短編小説「幸福になるにはキウイがいい」

 新聞社を40歳で辞めて、フリーランスになってから、日本のあちこちへ飛び回って、いろいろな記事を書くようになった。受注先の要望で思い通りに書けないこともよくあるが、それは大手新聞の社会部にいた時も同じ。各地を自由に旅して回れるだけでも、ぼくはセミリタイヤしてよかったと思っている。

 早朝の新幹線に乗って熱海で下車すると、ぼくは高台にある通称「猫屋敷」へと向かった。そこの女主人が猫好きで有名な美容家なのだ。新幹線の中で復習した本によると、その美容家は自然体の心と身体が美人をつくると考えているようだ。
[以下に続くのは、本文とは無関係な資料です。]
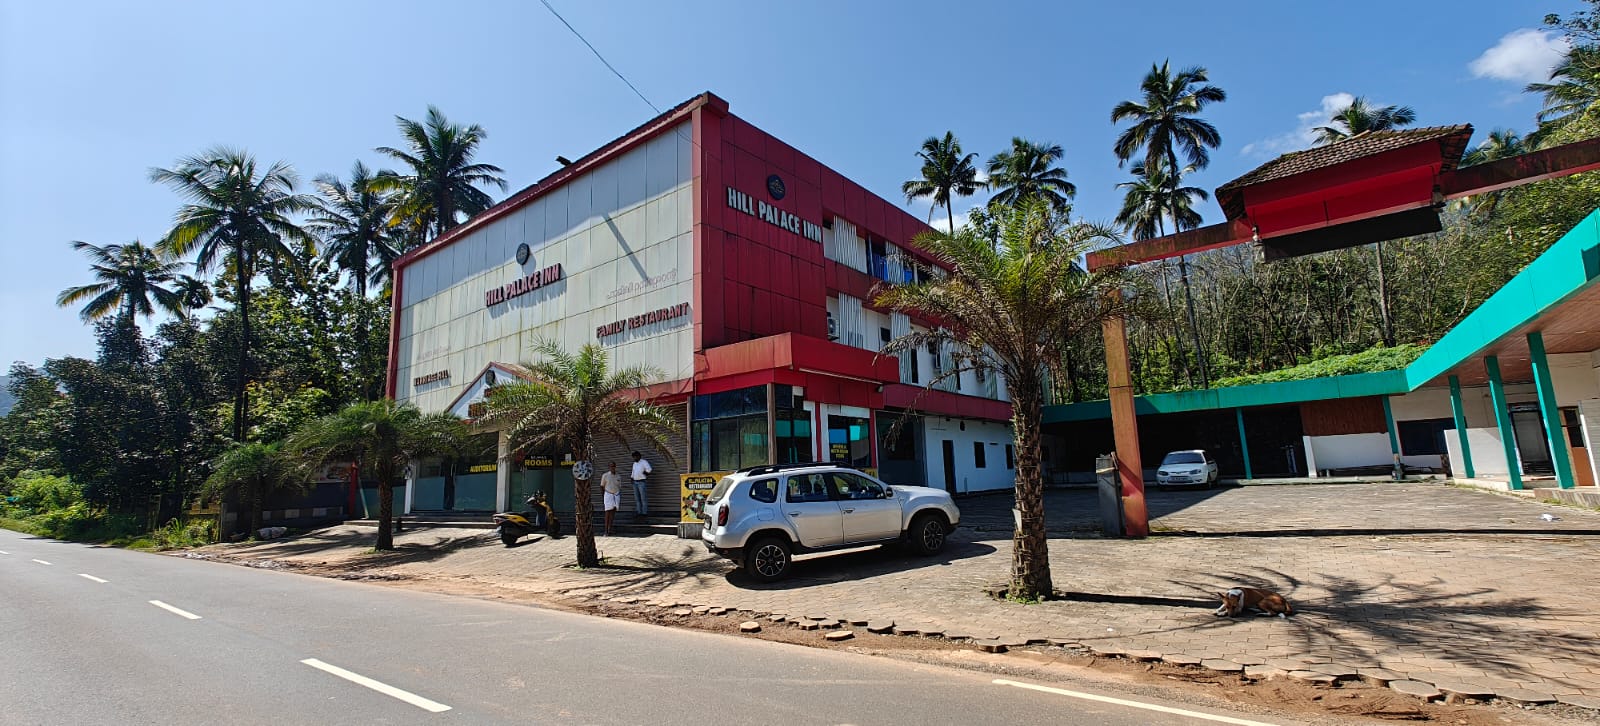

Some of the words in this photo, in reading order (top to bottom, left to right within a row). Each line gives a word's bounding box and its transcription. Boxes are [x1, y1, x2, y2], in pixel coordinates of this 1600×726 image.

[727, 186, 755, 216] HILL
[758, 199, 800, 235] PALACE
[802, 219, 823, 243] INN
[486, 286, 504, 308] HILL
[503, 271, 541, 300] PALACE
[540, 262, 562, 286] INN
[596, 319, 626, 338] FAMILY
[628, 302, 689, 330] RESTAURANT
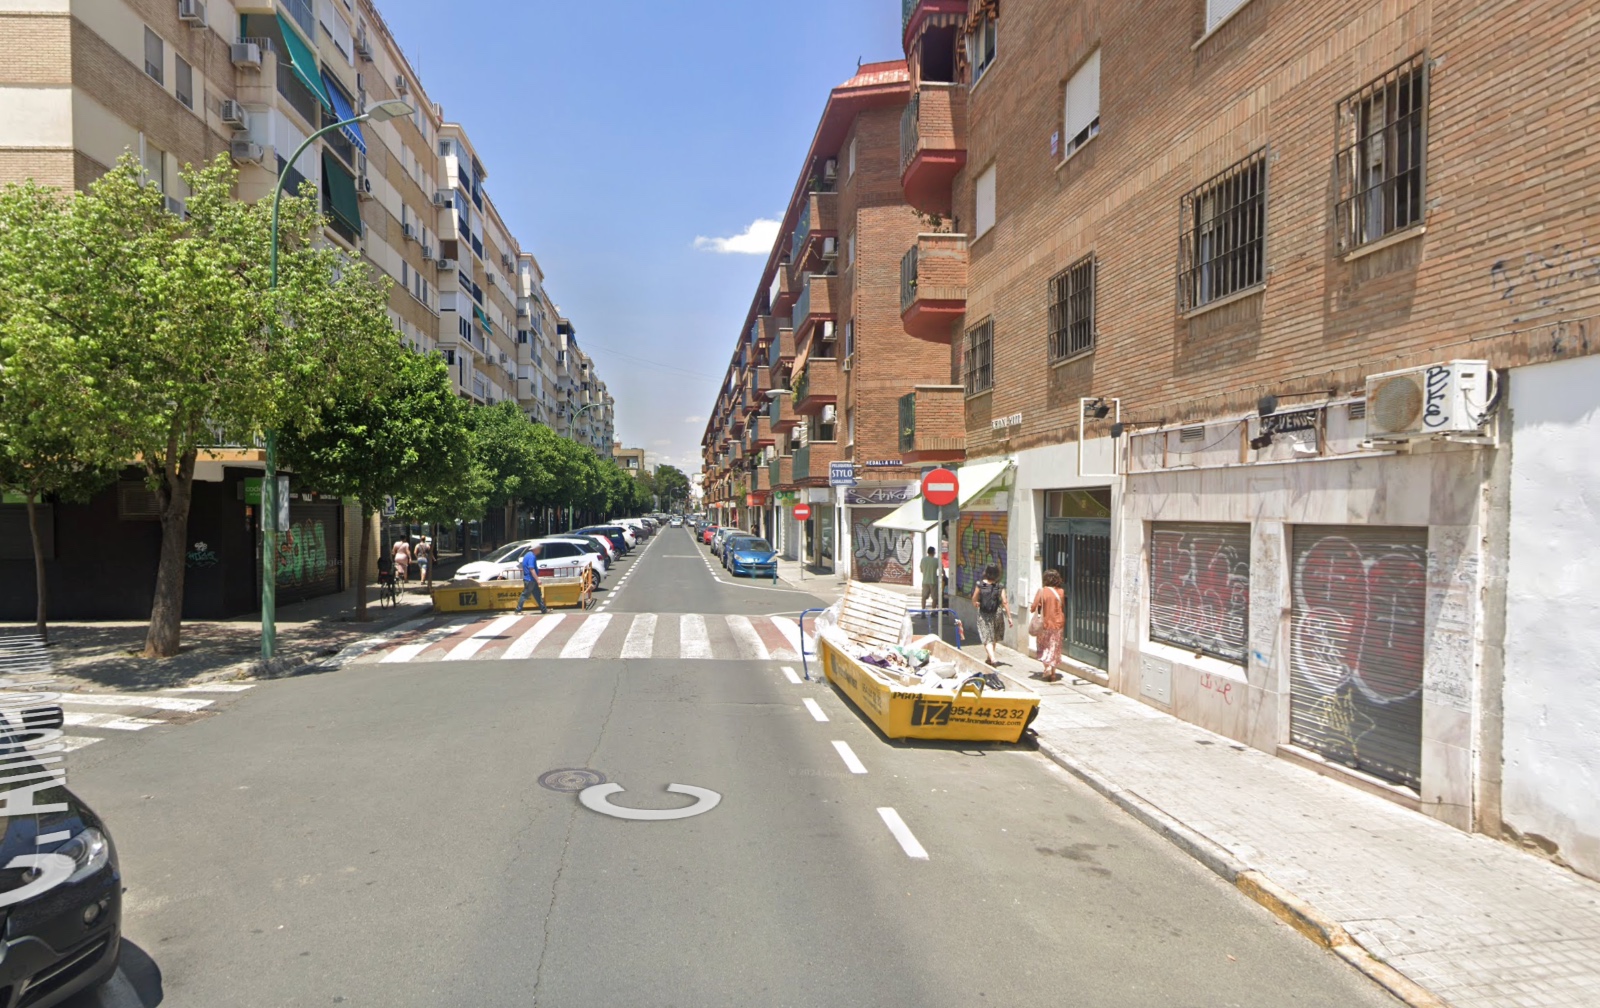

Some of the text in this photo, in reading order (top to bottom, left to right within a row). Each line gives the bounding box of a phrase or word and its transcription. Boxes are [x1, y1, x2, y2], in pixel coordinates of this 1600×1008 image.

[832, 469, 853, 477] STYLO
[951, 706, 973, 716] 954
[975, 707, 991, 717] 44
[993, 708, 1008, 718] 32
[1009, 709, 1024, 719] 32
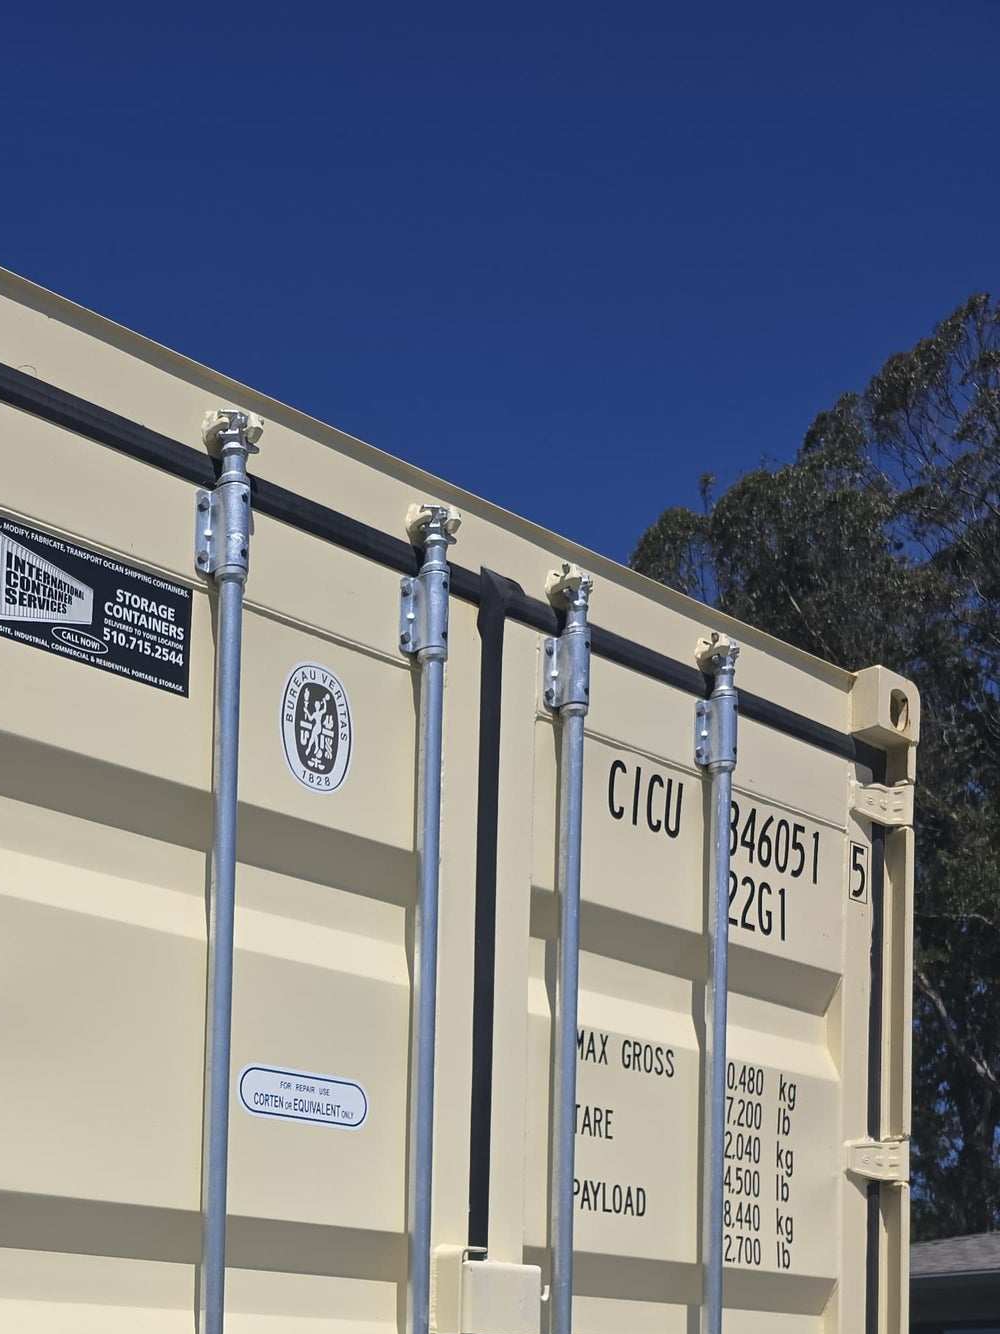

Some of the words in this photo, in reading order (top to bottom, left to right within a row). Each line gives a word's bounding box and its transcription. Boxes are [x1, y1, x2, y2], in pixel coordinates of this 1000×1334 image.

 約束の時刻にドアベルを鳴らすと、美容家みずから扉を開けてくれた。

「こんにちは。すぐに中へ入ってちょうだい。猫が飛び出しちゃうから」

 ぼくが玄関へすべり込むと、十匹以上のいろいろな種類の猫が、思い思いの仕草でこちらへ近づいてきた。噂通りの猫屋敷だった。吹き抜けのリビングの高い壁には、キャットウォークがはりめぐらされていて、猫たちが活発に行き来している。天窓の真下には猫用のガラスの廊下があり、そこでは数匹のネコがしどけなく寝転がって、日向ぼっこをしていた。

 雑誌の編集部から依頼された主題は「美人の条件」。編集長の知り合いが、どうしても書いてほしいと熱心に依頼してきたのだそうだ。美人は嫌いではないから、ぼくもぜひとも「美人の条件」を調べたくなった。

 美容家は、本と同じく自然体が美人を生むという話をしている。いちいち丁寧に相槌を打ちながら、ぼくは美人の定義を訊いてみた。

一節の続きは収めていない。